The supportive care clinic provides interdisciplinary palliative assessment and care to patients with advanced disease and high symptom burden, such as those with stage three and four lung cancers, advanced breast cancer and pancreatic cancer.
It will also train more than 350 fifth-semester nursing students, offering immersion in a complex and growing specialism before they enter the workforce. They will train alongside interdisciplinary teams that include patients’ medical oncologists, social workers, dieticians, pharmacists and chaplains.
“It’s an ideal situation with the palliative clinic model, where the patients are receiving that holistic assessment and working in accordance with the interdisciplinary team. I think that you teach by real life interactions and experiences,” Dr. Kristi Acker, associate professor at the Capstone College of Nursing and Oncology and a palliative certified nurse practitioner, told Palliative Care News. Acker leads the clinic.
The clinic is hosted by the Lewis and Faye Manderson Cancer Center at DCH Regional Medical Center, a community hospital across the street from the Capstone College of Nursing where many students go through their clinical inpatient rotations.
The establishment of outpatient palliative clinics is a growing trend among health systems and hospices, with Yale University’s health system setting up a clinic for heart failure patients in April this year, and the University of Connecticut adding an palliative outpatient clinic last year.
“This is so novel to us because we’re not an academic medical center.
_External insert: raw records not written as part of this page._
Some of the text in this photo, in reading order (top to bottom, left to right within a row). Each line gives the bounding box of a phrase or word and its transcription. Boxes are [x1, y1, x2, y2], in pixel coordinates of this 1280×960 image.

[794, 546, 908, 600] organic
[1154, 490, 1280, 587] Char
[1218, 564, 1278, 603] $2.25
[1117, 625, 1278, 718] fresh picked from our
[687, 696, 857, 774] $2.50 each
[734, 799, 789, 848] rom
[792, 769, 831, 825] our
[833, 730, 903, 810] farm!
We are a community hospital partnering with higher education. So it’s one of those situations that we’re learning as we go,” Acker said.
The decision to open the Tuscaloosa clinic was driven by both unmet patient need and a competency-based framework published in 2021 by the American Association of Colleges of Nursing, which includes palliative care as one of the four “spheres of care” in which nursing graduates must have competency in.
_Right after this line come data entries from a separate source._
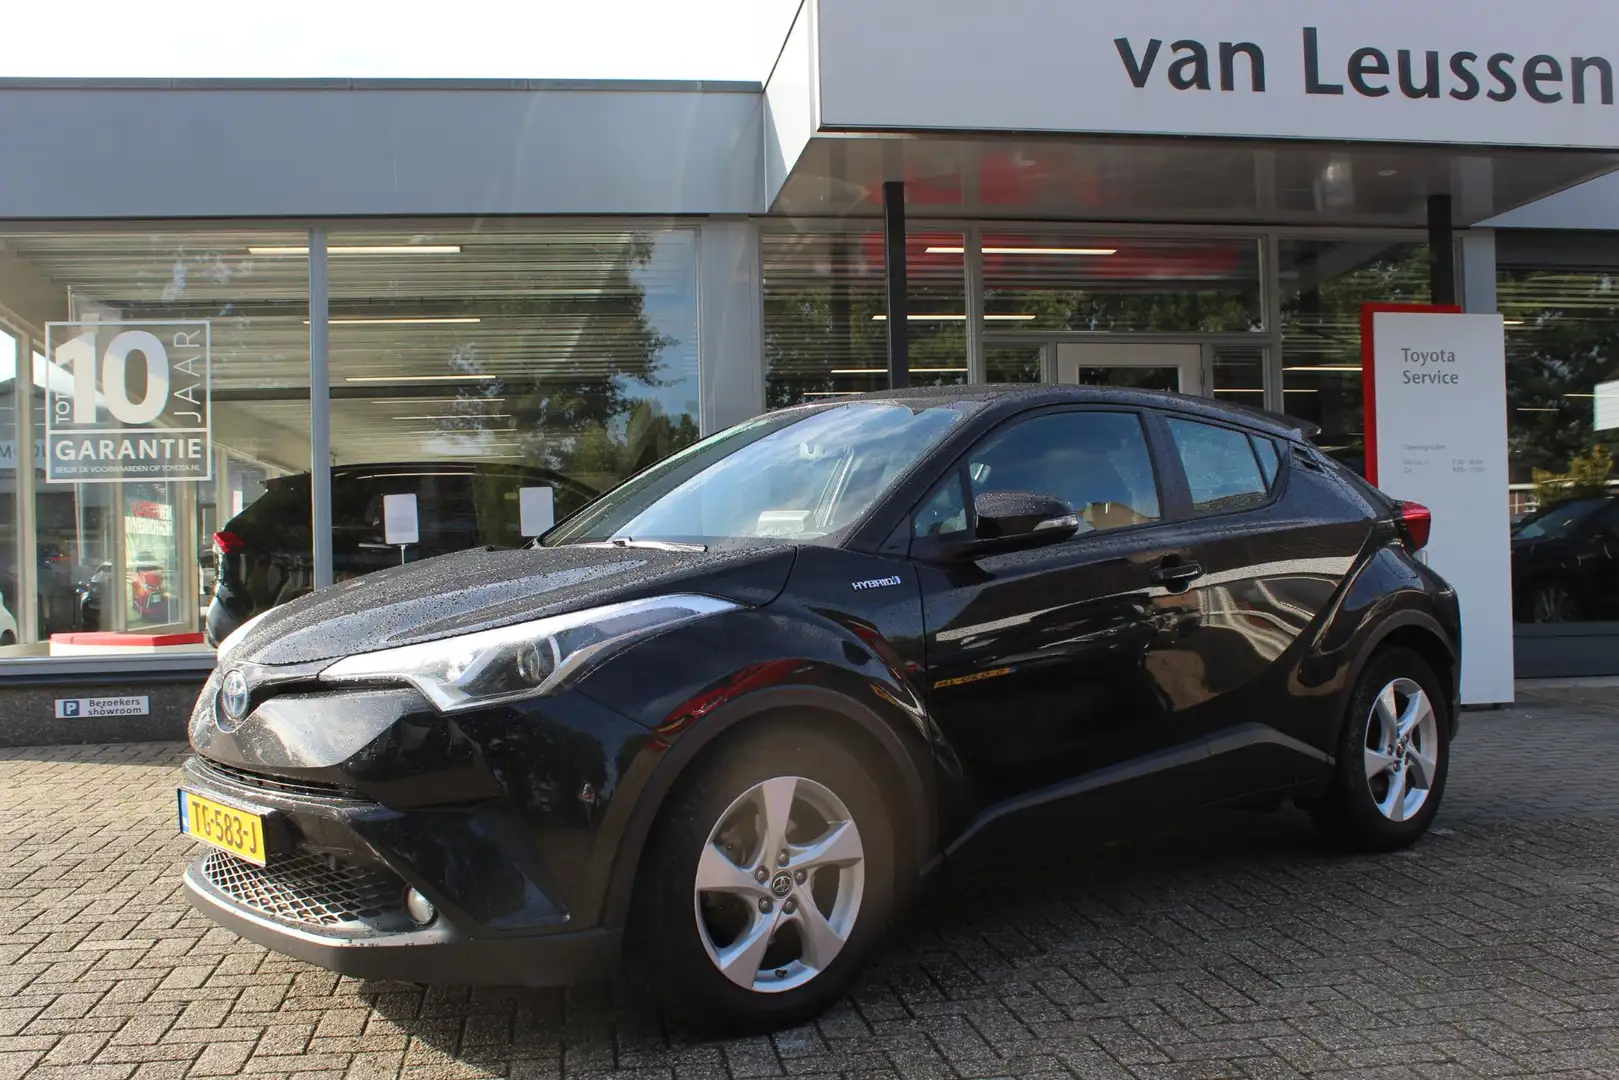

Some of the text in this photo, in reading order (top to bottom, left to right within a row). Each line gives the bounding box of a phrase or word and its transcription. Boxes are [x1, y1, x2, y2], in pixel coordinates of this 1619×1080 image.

[1114, 27, 1614, 105] van Leussen
[1400, 347, 1456, 367] Toyota
[55, 330, 169, 425] 10
[173, 329, 201, 423] JAAR
[1402, 370, 1459, 385] Service
[55, 393, 70, 424] TOT
[55, 438, 202, 461] GARANTIE
[91, 465, 148, 473] VOORWAARDEN
[852, 577, 897, 590] HYBRID
[88, 707, 142, 716] showroom
[89, 699, 140, 708] Bezoekers
[192, 800, 257, 854] TG-583-J
The clinic is reimbursed through a fee-for-service model, although many insurance companies are starting to recognize the cost savings and improved patient outcomes outpatient palliative clinics can provide. It aims to reduce hospital readmissions by helping patients and caregivers stay on top of complex symptom management. Another priority is the timely identification of when patients need to transition to end-of-life care.
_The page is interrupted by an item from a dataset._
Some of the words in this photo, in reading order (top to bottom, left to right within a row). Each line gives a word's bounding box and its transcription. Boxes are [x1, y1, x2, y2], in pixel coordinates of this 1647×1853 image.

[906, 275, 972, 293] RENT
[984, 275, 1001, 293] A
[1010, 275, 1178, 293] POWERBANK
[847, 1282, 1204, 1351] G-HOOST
“Being in the South and having limited resources and clinical experiences, it was one of the drivers for us to sit back and think of how we could partner and meet the needs of students, while meeting the needs of patients with advanced cancer,” Acker said.
Delivering interdisciplinary outpatient care shows students that nursing cannot be practiced in a silo, and that many patients face financial, social and logistical challenges, according to Acker.
“When they are interacting with patients, they need to be very conscious of the complexities. When we recommend things for patients or their caregivers, they need to keep in mind the availability of resources, the financial implications of what we recommend, and what type of support systems are in place,” Acker said. “Some of these patients show up without the social support needed. They even have difficulty with transportation, getting back and forth to their treatments.”
The supportive care program is currently available to patients at the Manderson Cancer Center, but the DCH health system said it plans to expand access to more patient populations in the near future.
Acker said she is hopeful the model could be replicated elsewhere, such as in a primary care setting or for mental health services.
“One of the challenges we would have is to make sure that we have the workforce for providers to replicate the model in that type of setting,” she added.